I didnt find however that this morning i woke up and my mind was finally clear...i had my daily coffee in the morning then right after that i went right back to feeling foggy.....it took about 4 hours(right after i ate lunch) to snap back out of it but now its been back and its quite scary....Im not sure really why I got this or where it came from.......
i do get stressed out easily, and i do get very depressed after a night of drinking and im a highly sensitive person.....if anyone has any answers or guidance i would really really appreciate it......
I can say however that it started right after a night of drinking.......the 2 weeks before i went out and drank i was so caught up in my side business ontop of my fulltime job that i couldnt keep up and i was a little stressed and overwhelmed...i decided to go out and drink one night and the next mornng as usual i was hungover, alittle depressed...then later that night i had a panic attack....got about 4 hours of sleep and have been feeling like this since......
thanks so much for reading....i welcome any comments.....
p.s hope this all made sense.....
Wait, have you already been diagnosed with apnea and are getting treatment and still feel this way?
PS When I say "brain fog," I mean it feels like my brain is filled with fog ... thinking about things is like trying to drive with limited visibility ... it feels heavy ... that sort of thing.
Yeah, I had all of those feelings due to my brain fog.
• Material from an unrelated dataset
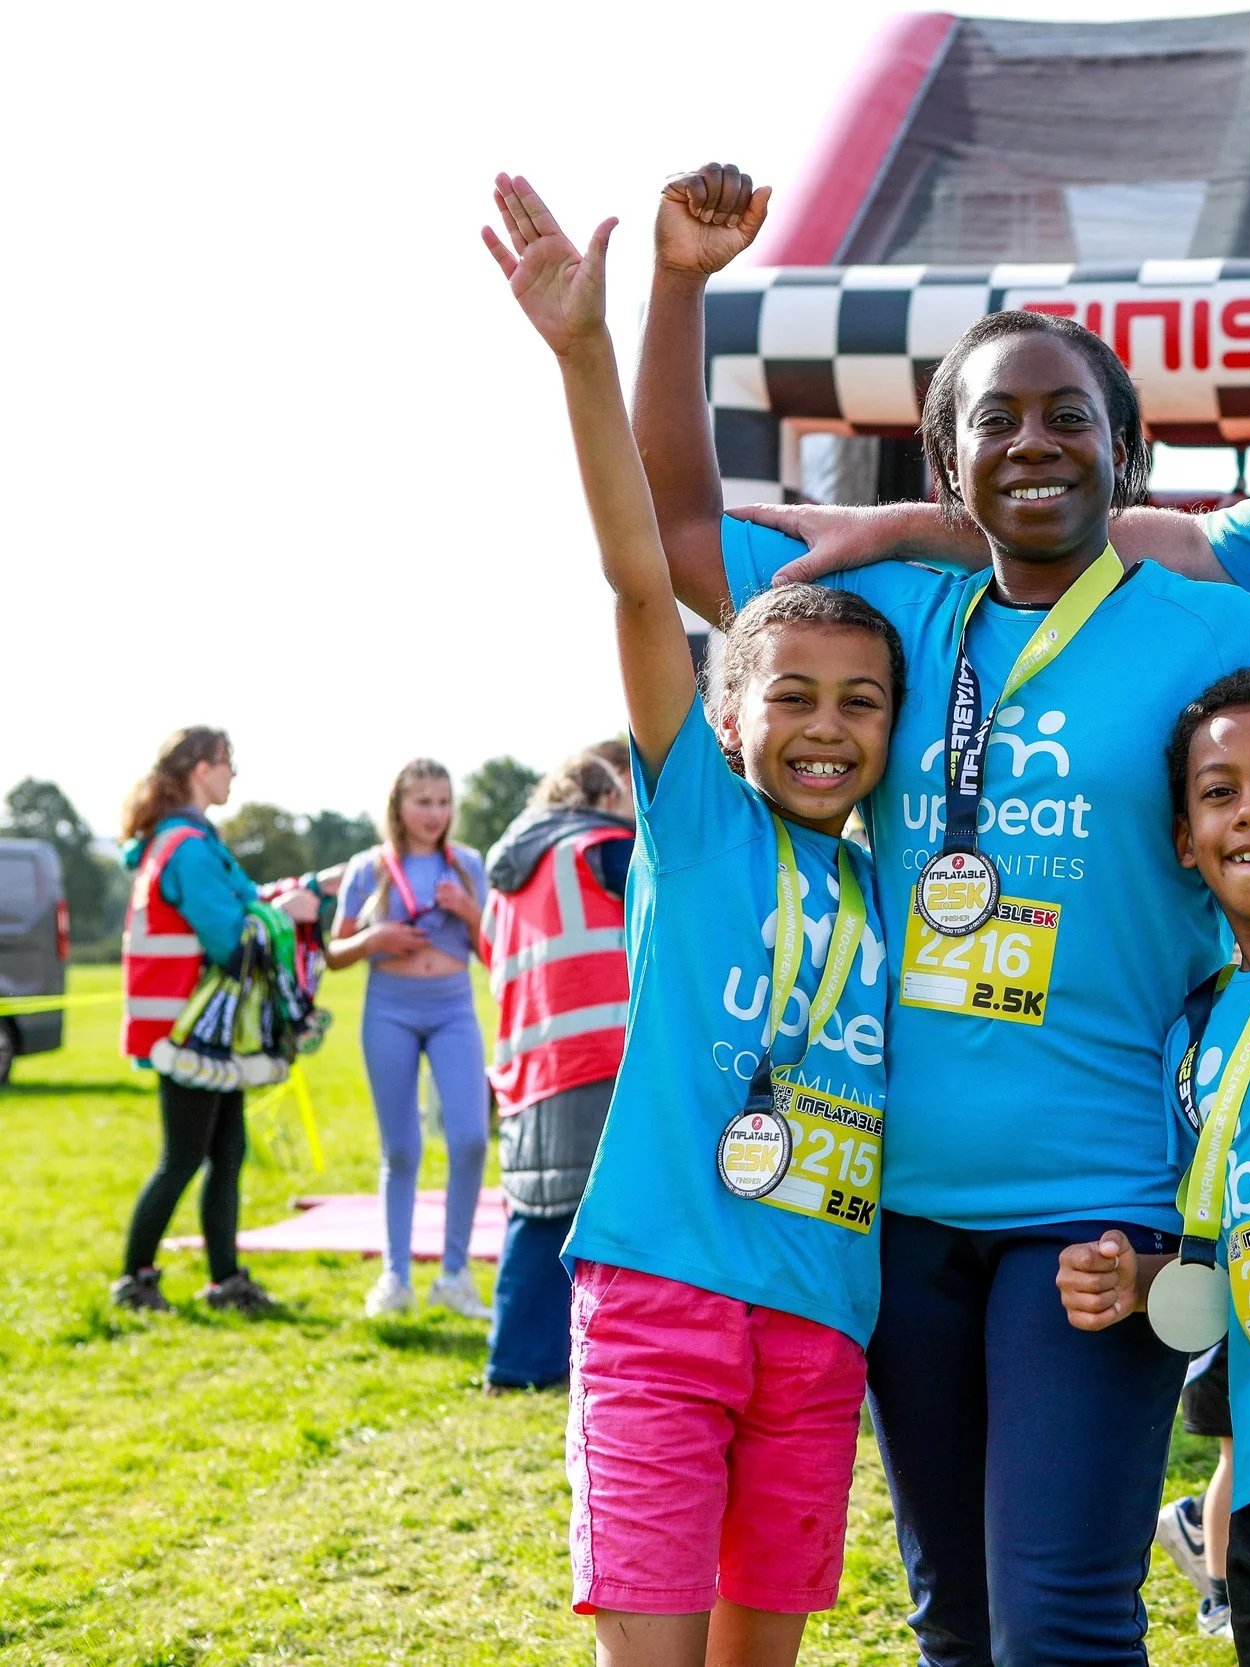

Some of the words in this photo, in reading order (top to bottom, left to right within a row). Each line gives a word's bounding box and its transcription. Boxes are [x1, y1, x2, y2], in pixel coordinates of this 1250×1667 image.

It made me feel like I was walking around like a zombie and just not all there. It can really make you feel like you're about to lose your mind! I just wish my family doctor had suspected it when I described my cloudy feelings.
I strongly suspect you have sleep apnea if you have some of the other associated conditions: snoring, being overweight, over 40. You need to see a doctor asap. Until then, force yourself to sleep on your side. Try this and let us know if it helps any. That helped me while I was waiting on my CPAP. I slept on my side and elevated my head on two queen size pillows.